## PROBLEM DETAILS
Write each line below back out exactly, omitting its pictures.

(Stored dataset items)
------------------------------------------------------------------------

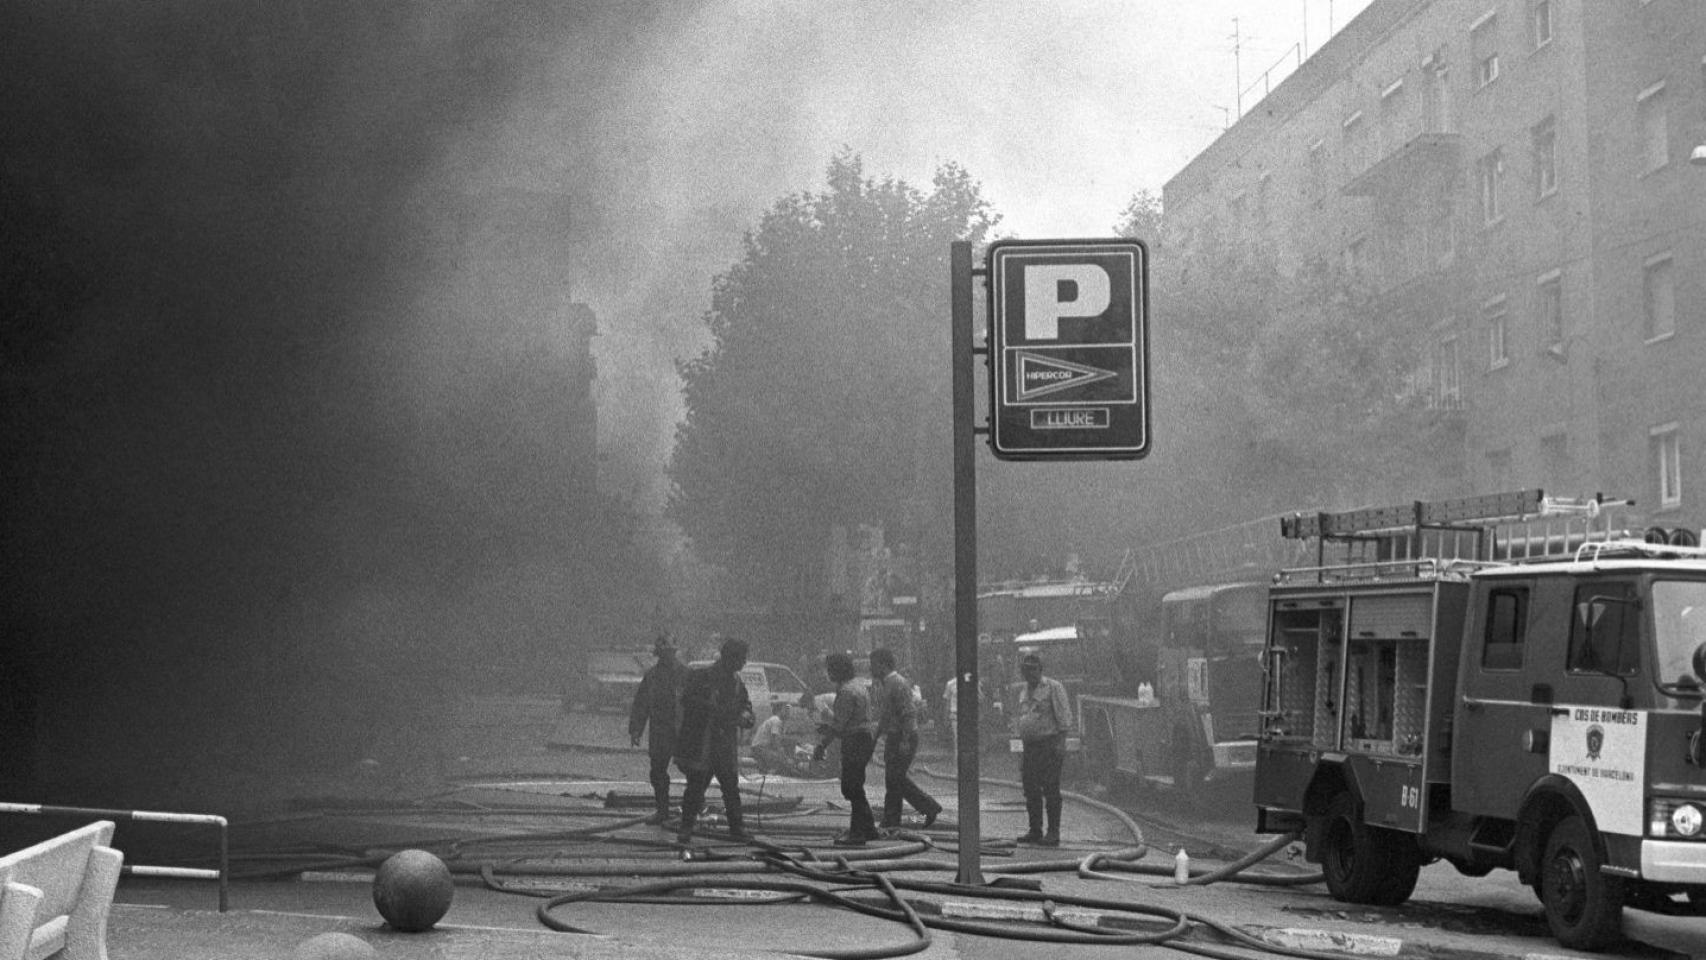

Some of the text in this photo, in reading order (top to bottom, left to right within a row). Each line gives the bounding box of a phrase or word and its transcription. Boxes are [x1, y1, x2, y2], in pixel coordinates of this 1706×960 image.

[1024, 264, 1110, 340] P
[1027, 371, 1072, 380] HIPERCOR
[1048, 411, 1094, 425] LLIURE
[1575, 708, 1638, 725] COS DE BOMBERS
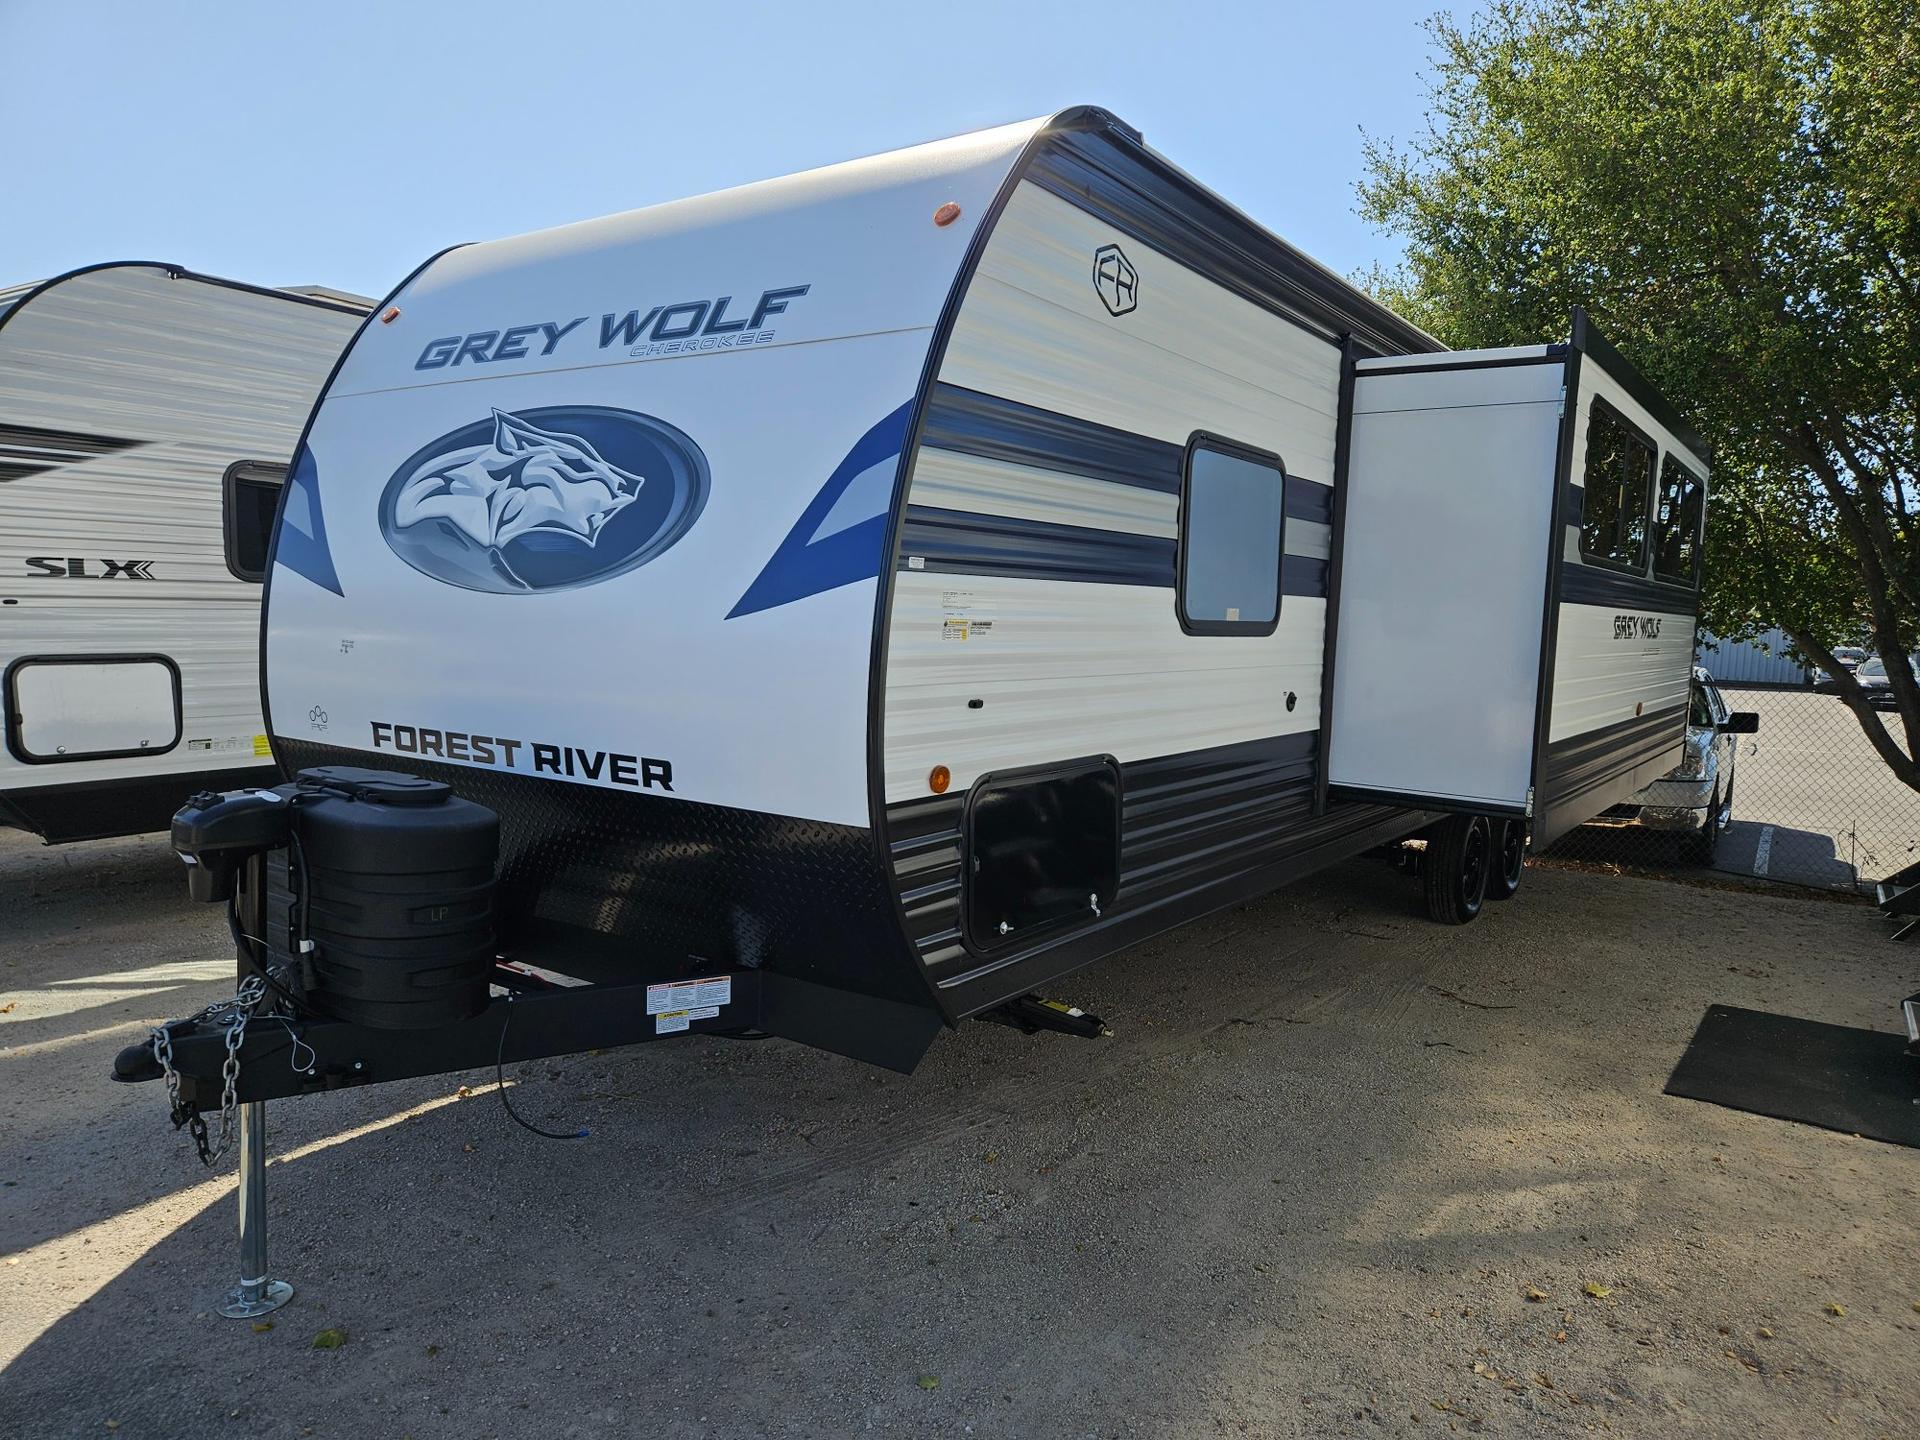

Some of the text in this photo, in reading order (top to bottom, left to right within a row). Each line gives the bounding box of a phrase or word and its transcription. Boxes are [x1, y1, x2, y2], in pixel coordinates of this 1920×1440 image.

[414, 284, 811, 370] GREY WOLF
[630, 330, 775, 356] CHEROKEE
[25, 557, 156, 580] SLX
[1614, 615, 1661, 639] GREY WOLF
[370, 721, 675, 792] FOREST RIVER
[432, 906, 448, 920] LP
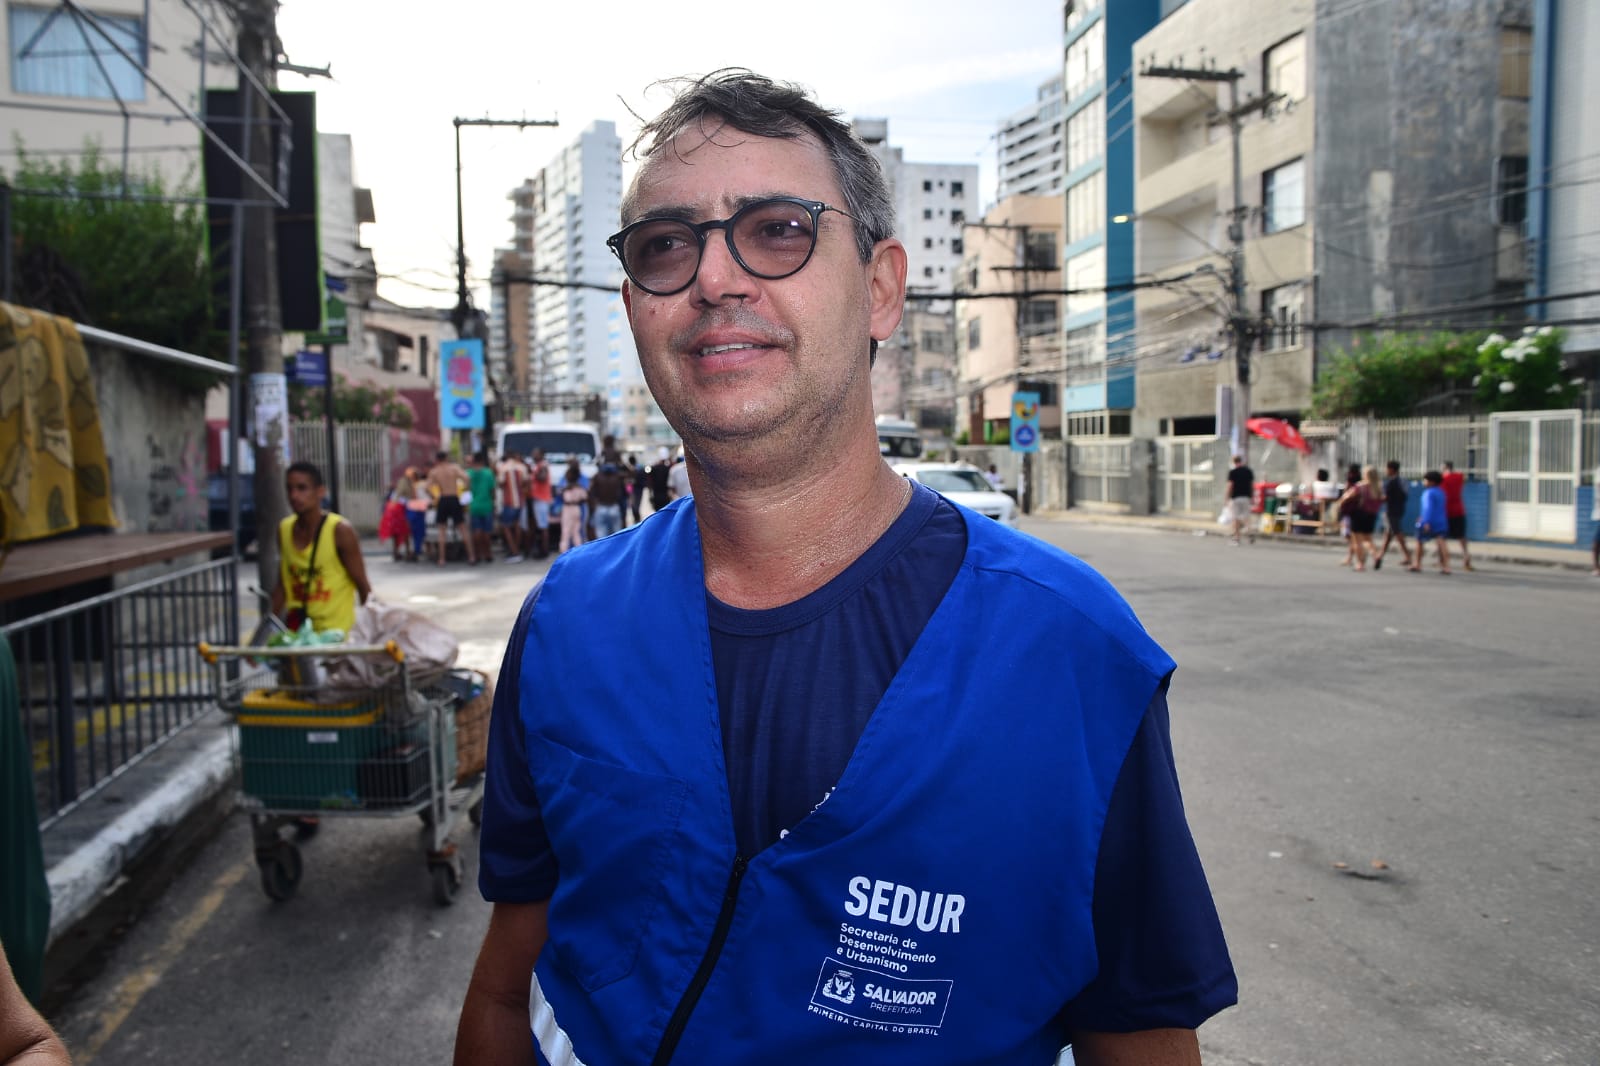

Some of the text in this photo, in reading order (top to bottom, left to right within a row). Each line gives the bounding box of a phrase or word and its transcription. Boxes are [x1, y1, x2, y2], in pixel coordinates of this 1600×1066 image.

[844, 875, 966, 934] SEDUR
[839, 934, 937, 963] Desenvolvimento
[840, 922, 918, 950] Secretaria de
[836, 946, 908, 973] e Urbanismo
[862, 983, 937, 1006] SALVADOR
[869, 1001, 923, 1015] PREFEITURA
[807, 1004, 940, 1036] PRIMEIRA CAPITAL DO BRASIL
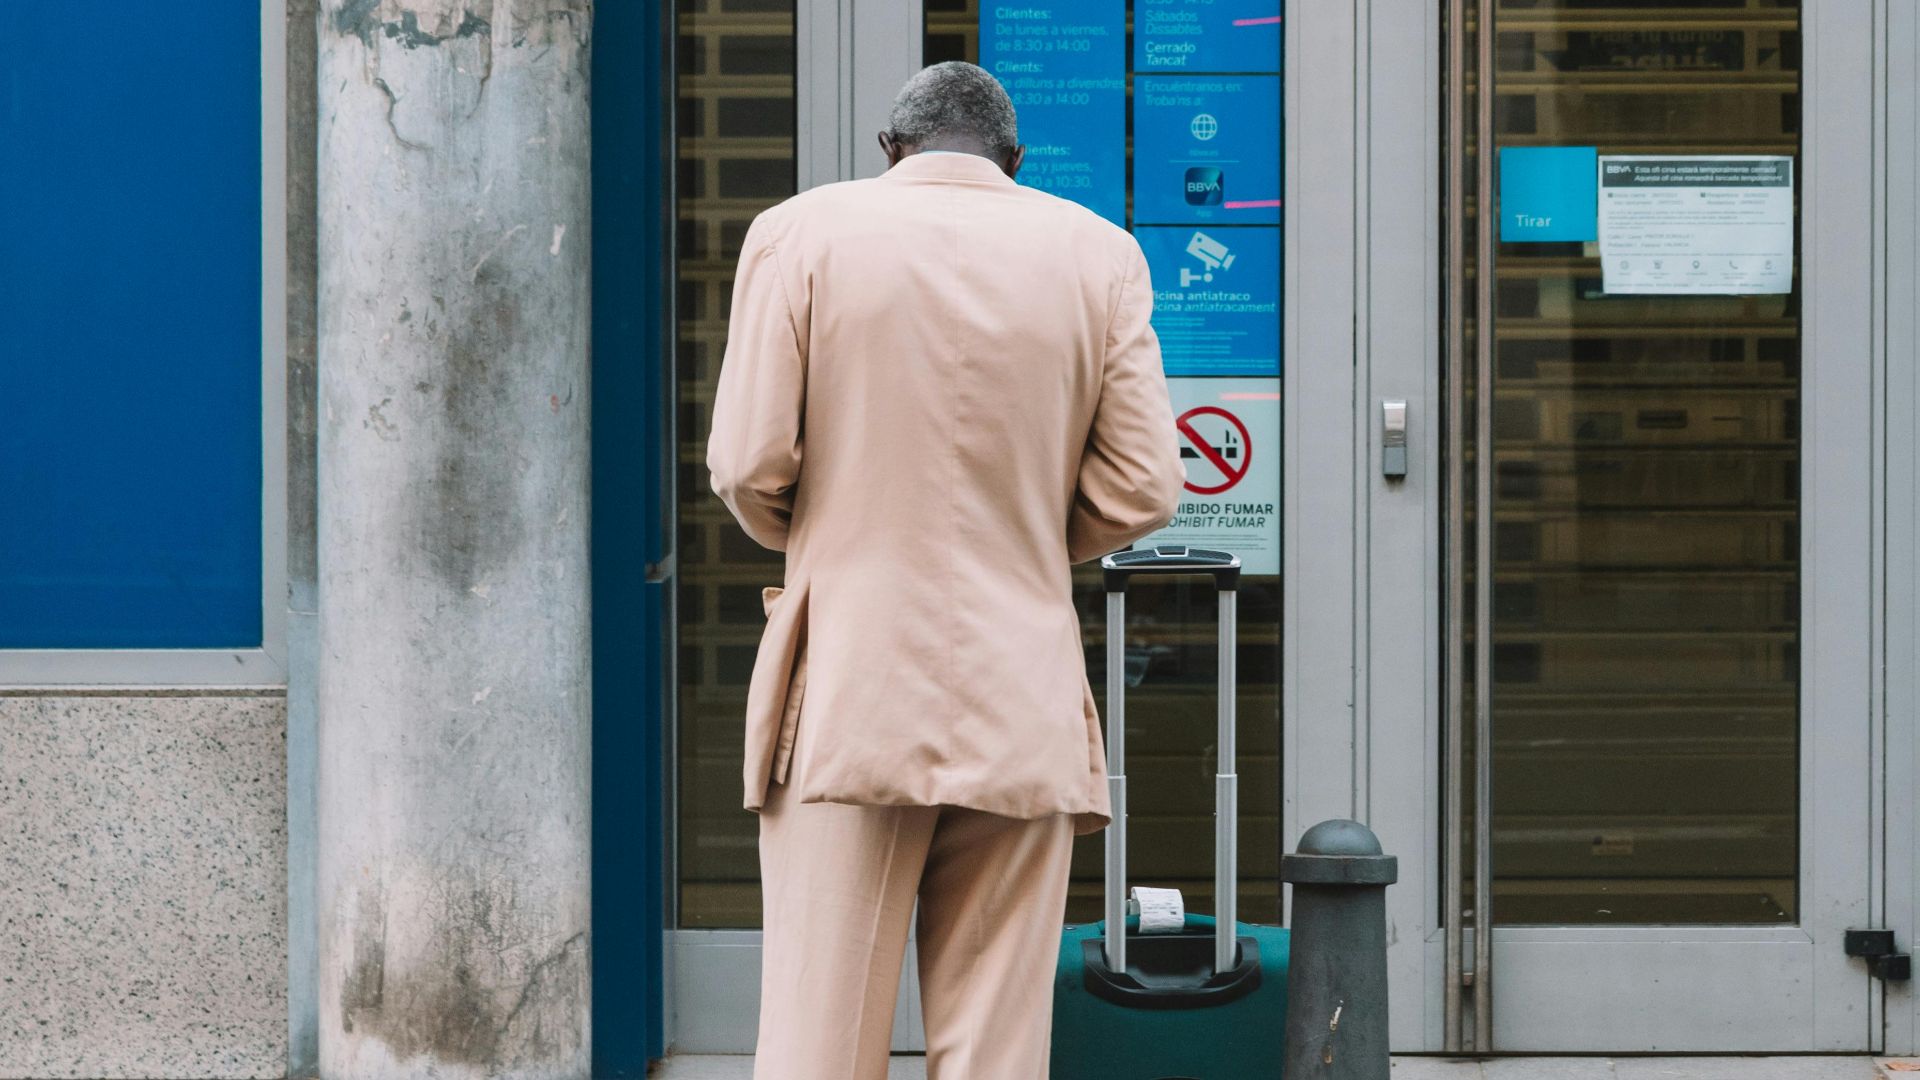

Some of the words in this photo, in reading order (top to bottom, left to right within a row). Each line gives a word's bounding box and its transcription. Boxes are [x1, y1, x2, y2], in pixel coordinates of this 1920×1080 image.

------------------------------------------------------------------------

## ANSWER SPACE
Some of the text in this photo, in reading order (top to bottom, left to right within a row). Each line gives the bounding box of a phrase or word and its transcription. Boxes are [x1, y1, x2, y2], in pixel coordinates of this 1706×960 image.

[1024, 264, 1110, 340] P
[1027, 371, 1072, 380] HIPERCOR
[1048, 411, 1094, 425] LLIURE
[1575, 708, 1638, 725] COS DE BOMBERS

Some of the text in this photo, in reading order (top to bottom, left to right within a row). Each line gives the bounding box of a phrase or word and its transcription. Boxes are [x1, y1, x2, y2], in pixel coordinates of this 1920×1440 image.

[414, 284, 811, 370] GREY WOLF
[630, 330, 775, 356] CHEROKEE
[25, 557, 156, 580] SLX
[1614, 615, 1661, 639] GREY WOLF
[370, 721, 675, 792] FOREST RIVER
[432, 906, 448, 920] LP

Some of the text in this photo, in reading order (top to bottom, left to right within a row). Each line gives the bounding box of a phrase or word and its transcription. Boxes are [x1, y1, x2, y2], in pixel coordinates of this 1600×1066 image.

[844, 875, 966, 934] SEDUR
[839, 934, 937, 963] Desenvolvimento
[840, 922, 918, 950] Secretaria de
[836, 946, 908, 973] e Urbanismo
[862, 983, 937, 1006] SALVADOR
[869, 1001, 923, 1015] PREFEITURA
[807, 1004, 940, 1036] PRIMEIRA CAPITAL DO BRASIL

Some of the words in this photo, in reading order (top to bottom, left to right within a row). Each line gives a word's bounding box and its transcription. Boxes are [x1, y1, x2, y2], in pixel coordinates of this 1920×1080 image.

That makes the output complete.